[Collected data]
Content starts
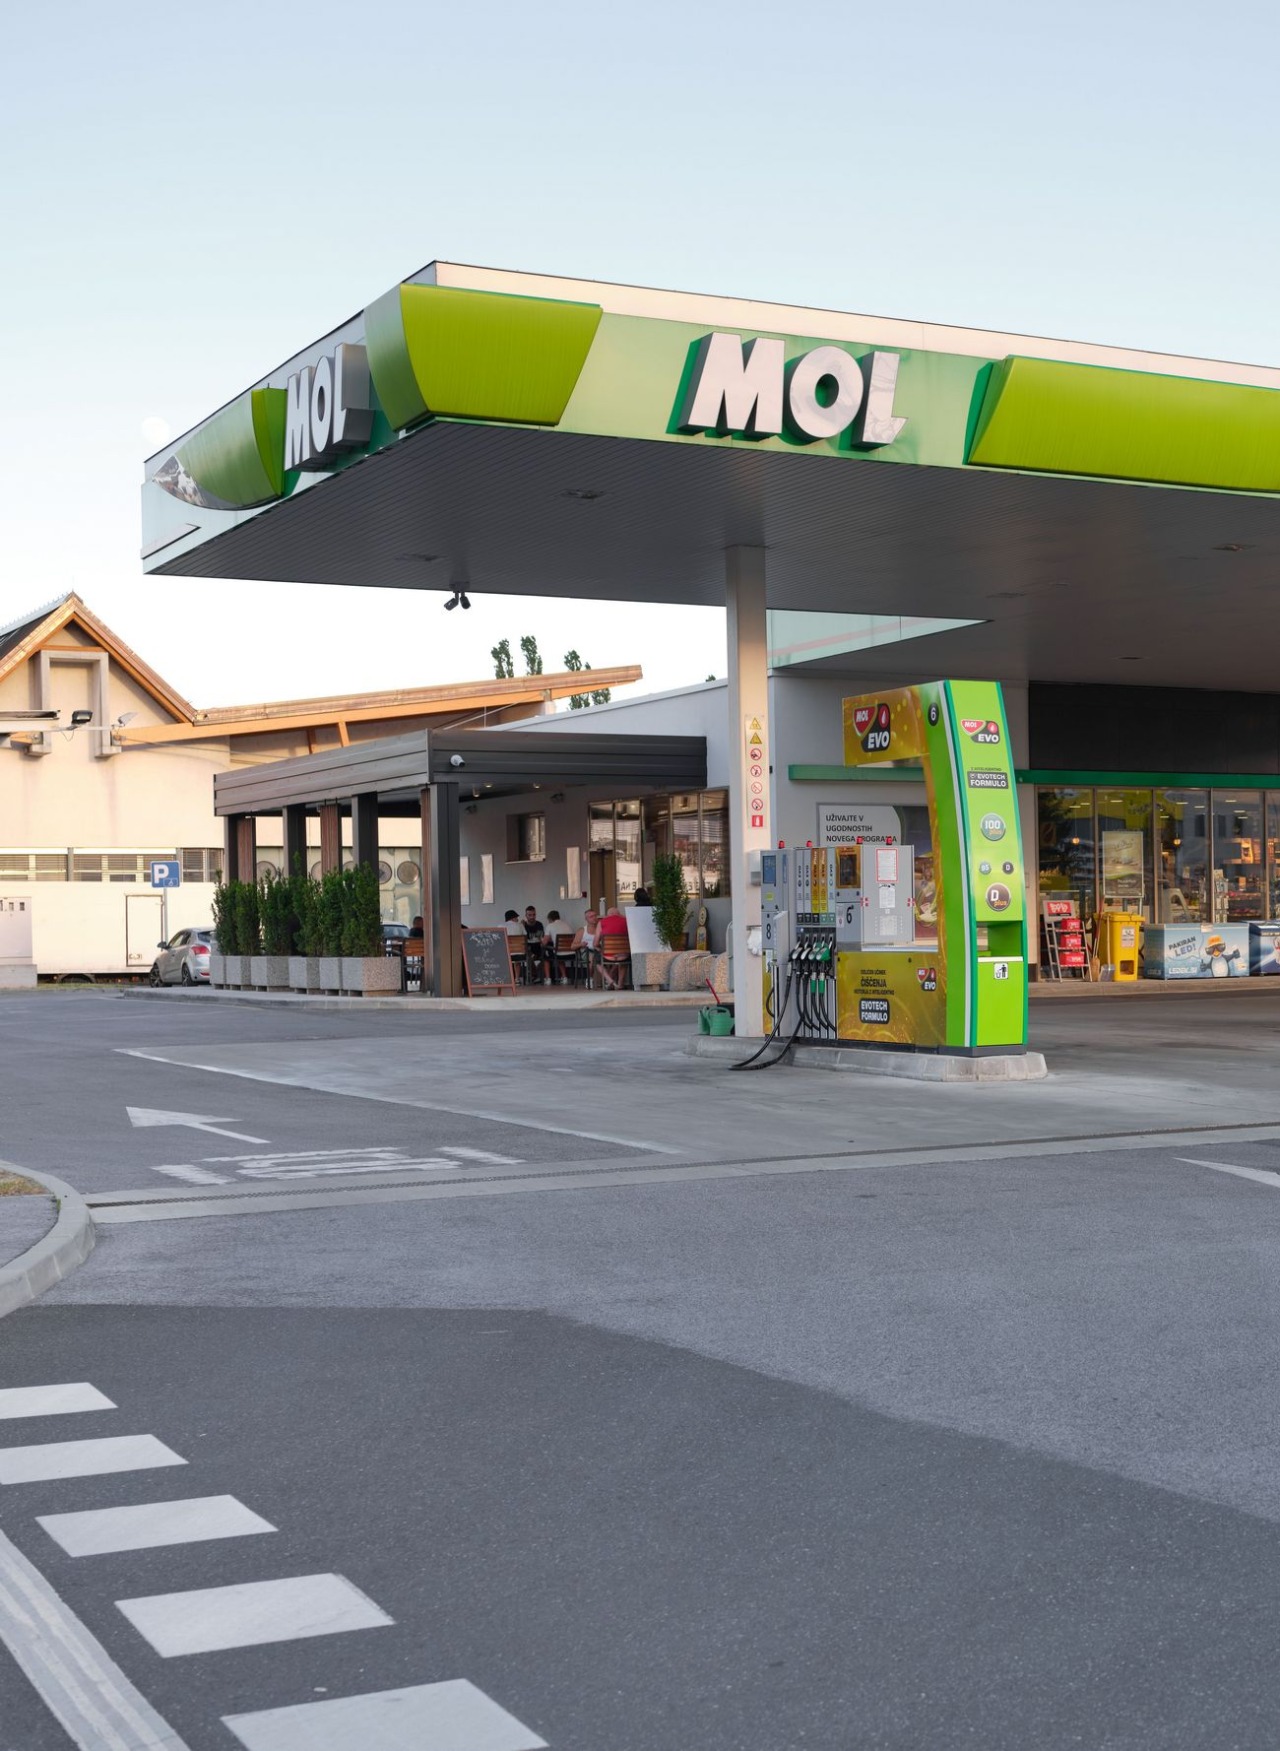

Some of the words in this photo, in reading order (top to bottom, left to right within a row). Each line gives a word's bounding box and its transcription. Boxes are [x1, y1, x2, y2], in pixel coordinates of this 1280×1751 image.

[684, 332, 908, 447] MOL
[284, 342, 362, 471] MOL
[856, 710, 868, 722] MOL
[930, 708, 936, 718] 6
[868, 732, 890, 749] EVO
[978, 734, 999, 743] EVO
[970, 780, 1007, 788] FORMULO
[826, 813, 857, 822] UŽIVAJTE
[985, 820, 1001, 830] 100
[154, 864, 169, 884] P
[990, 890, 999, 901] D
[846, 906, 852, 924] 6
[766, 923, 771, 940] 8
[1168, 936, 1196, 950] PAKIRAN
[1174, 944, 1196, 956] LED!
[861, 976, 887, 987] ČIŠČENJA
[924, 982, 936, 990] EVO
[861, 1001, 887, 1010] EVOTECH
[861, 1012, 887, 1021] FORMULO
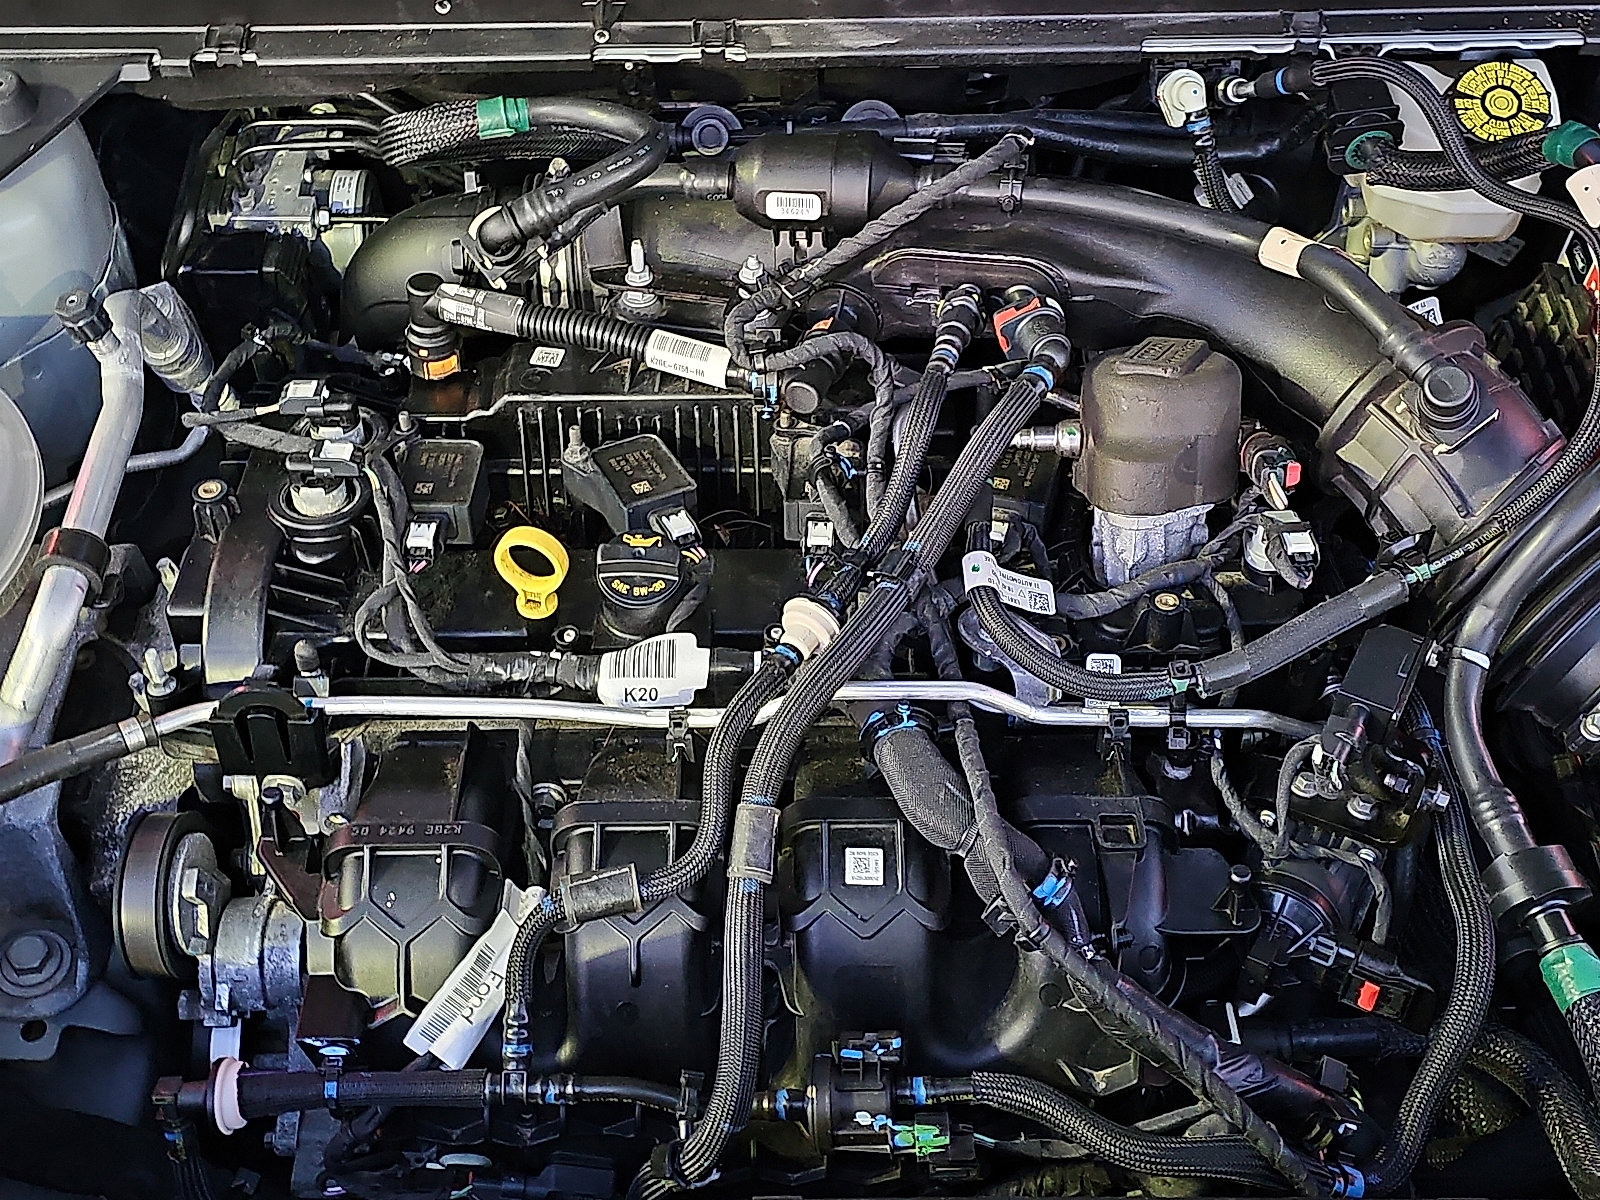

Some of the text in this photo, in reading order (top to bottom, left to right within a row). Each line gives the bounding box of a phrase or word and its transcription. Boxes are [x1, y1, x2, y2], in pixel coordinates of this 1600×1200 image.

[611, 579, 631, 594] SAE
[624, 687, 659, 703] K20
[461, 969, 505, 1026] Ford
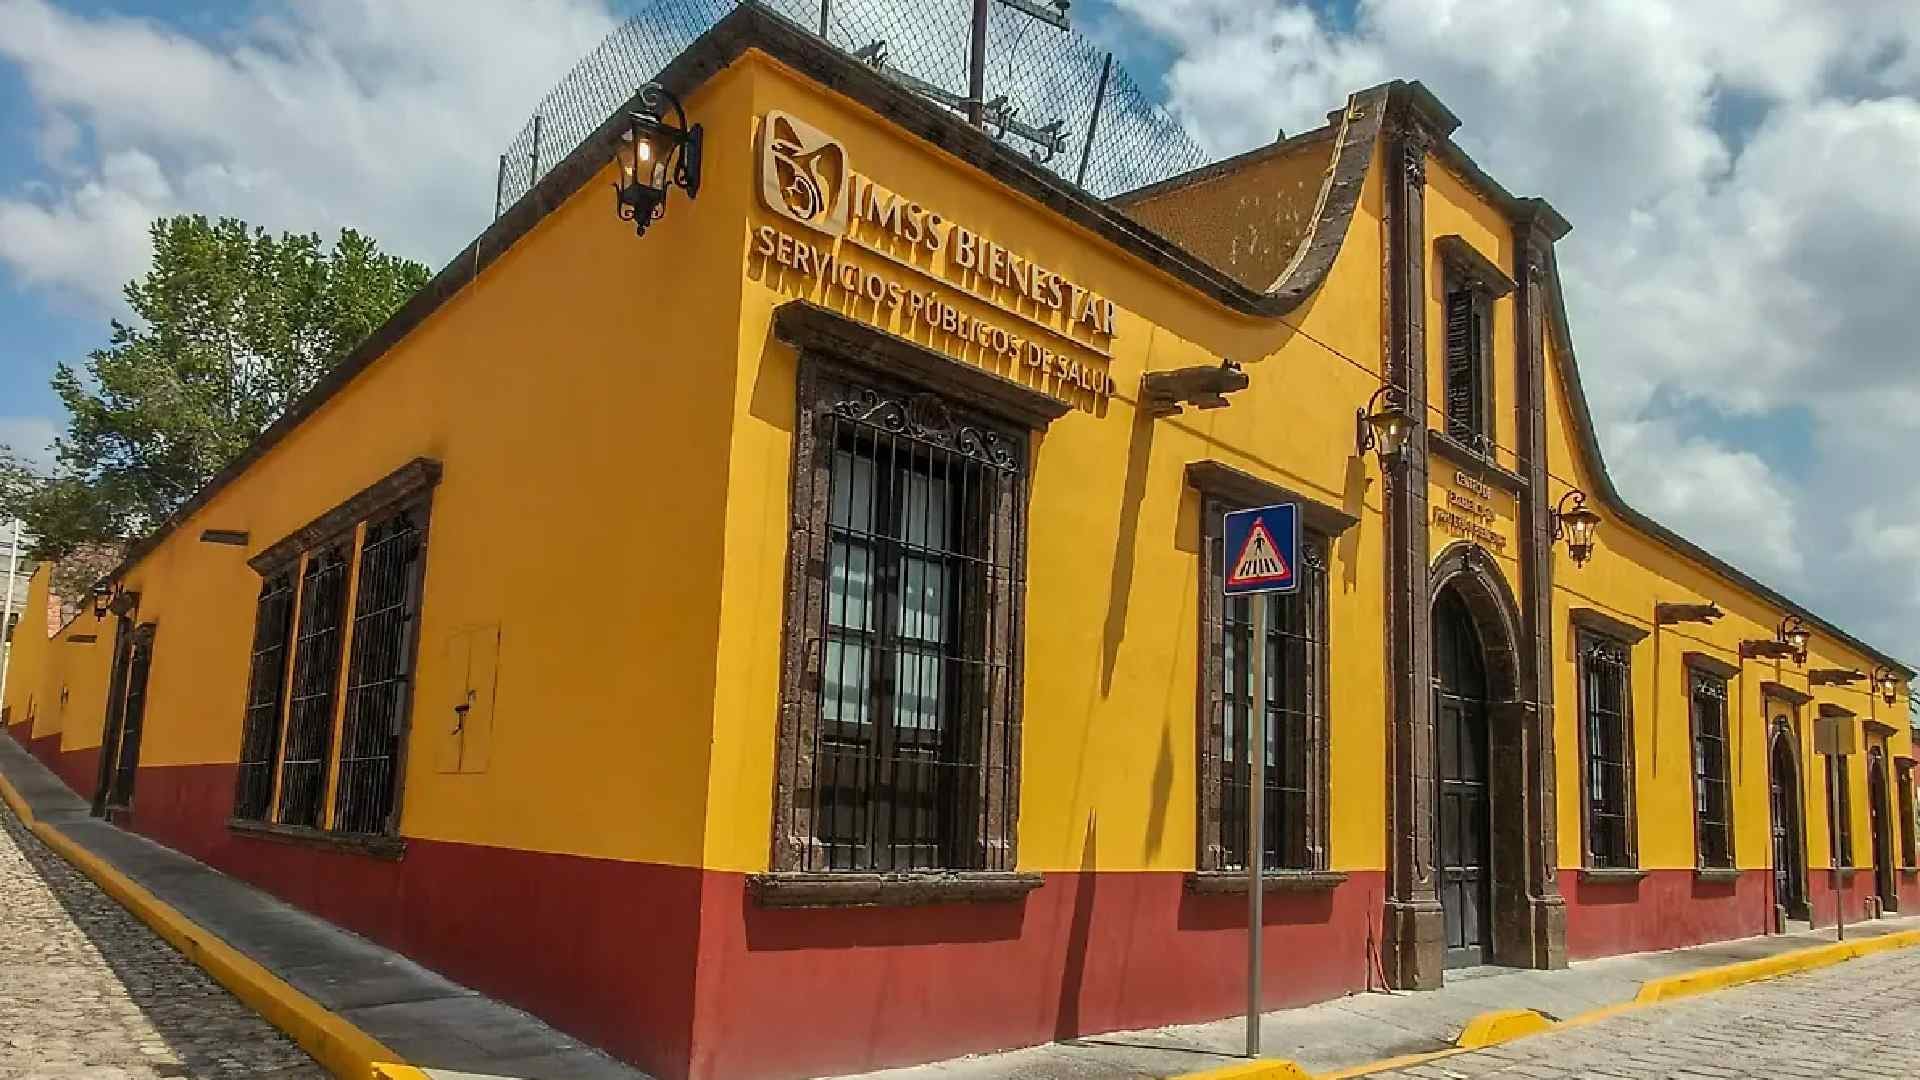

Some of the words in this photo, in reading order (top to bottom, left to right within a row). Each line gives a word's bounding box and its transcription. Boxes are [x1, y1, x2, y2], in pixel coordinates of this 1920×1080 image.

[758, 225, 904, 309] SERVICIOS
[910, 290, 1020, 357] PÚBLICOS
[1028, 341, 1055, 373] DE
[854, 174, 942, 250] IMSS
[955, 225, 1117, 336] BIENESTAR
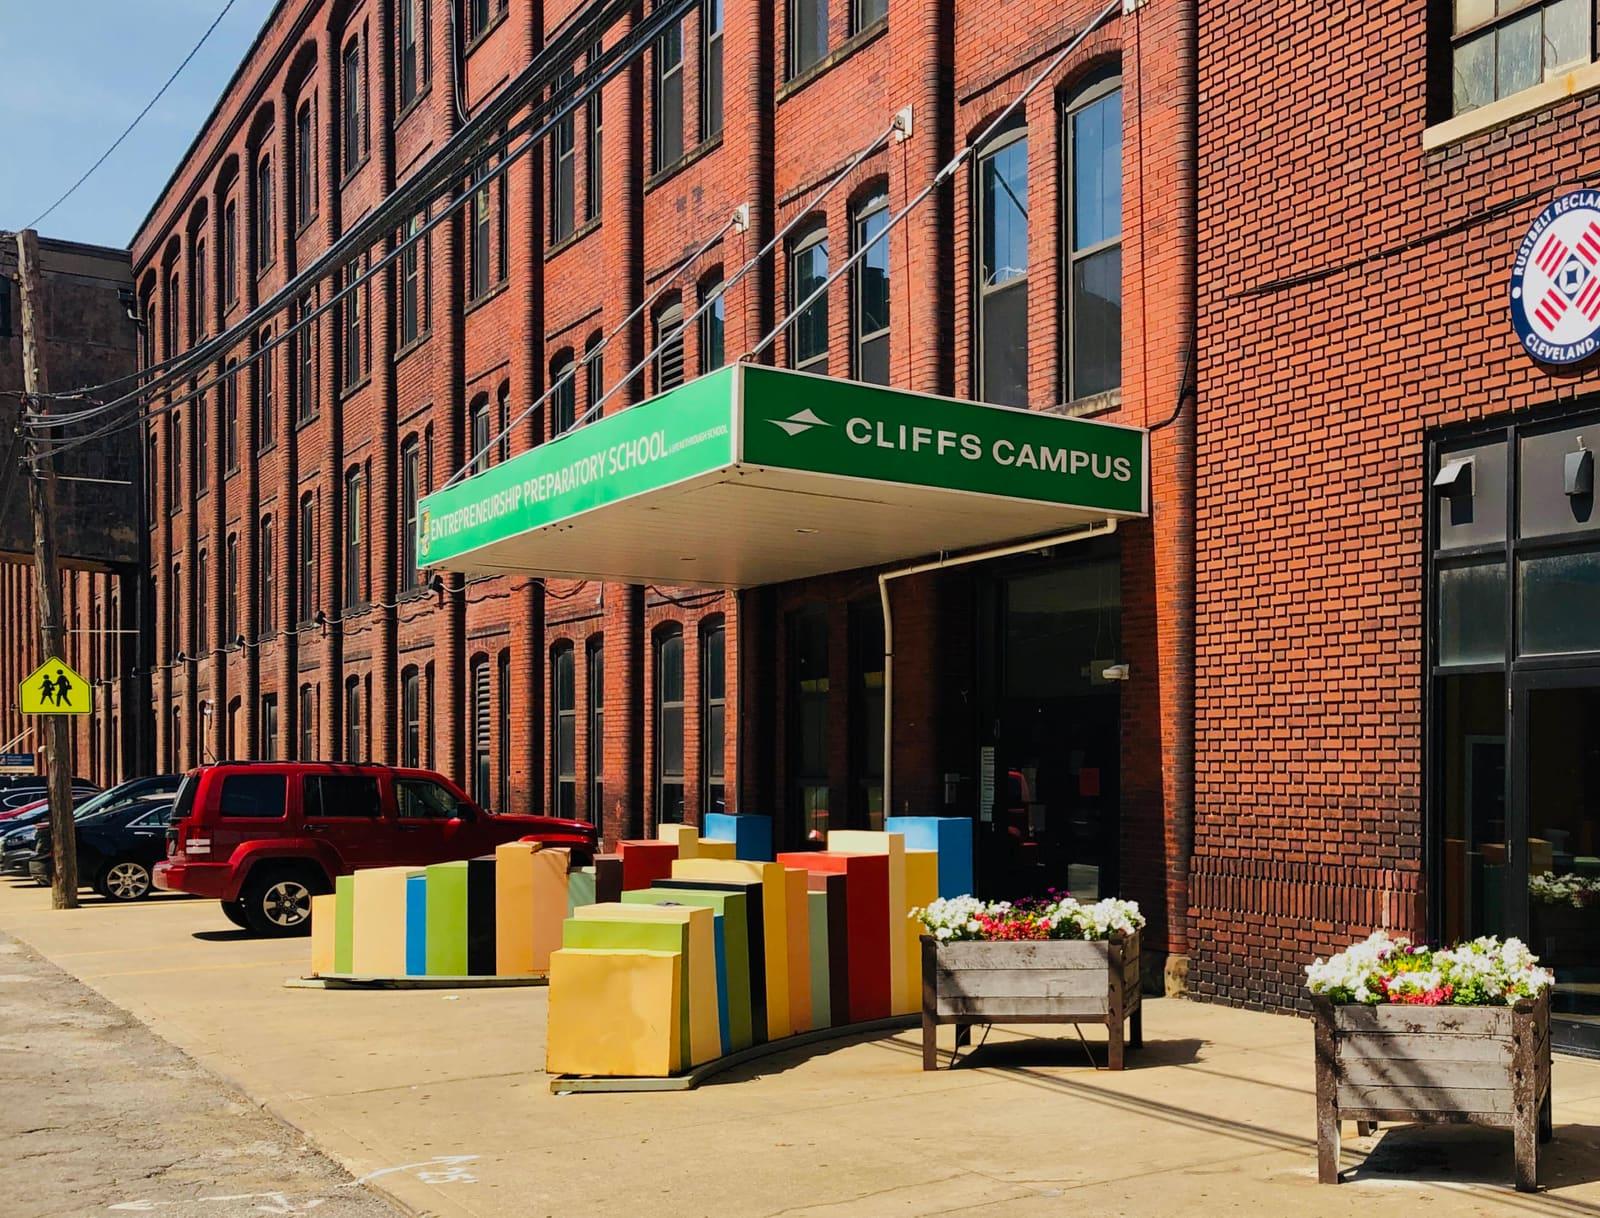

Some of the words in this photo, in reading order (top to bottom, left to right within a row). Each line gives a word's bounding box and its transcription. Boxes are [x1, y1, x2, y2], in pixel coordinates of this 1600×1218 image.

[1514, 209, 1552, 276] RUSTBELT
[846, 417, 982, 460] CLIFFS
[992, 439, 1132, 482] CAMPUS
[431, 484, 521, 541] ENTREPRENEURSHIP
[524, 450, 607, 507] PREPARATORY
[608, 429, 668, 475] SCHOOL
Content ends
Task: The answer must be an exact copy of the lines from the one containing "this 1600×1218 image." through the last line of the records, both included.

Output:
Some of the words in this photo, in reading order (top to bottom, left to right within a row). Each line gives a word's bounding box and its transcription. Boxes are [x1, y1, x2, y2], in pixel coordinates of this 1600×1218 image.

[1514, 209, 1552, 276] RUSTBELT
[846, 417, 982, 460] CLIFFS
[992, 439, 1132, 482] CAMPUS
[431, 484, 521, 541] ENTREPRENEURSHIP
[524, 450, 607, 507] PREPARATORY
[608, 429, 668, 475] SCHOOL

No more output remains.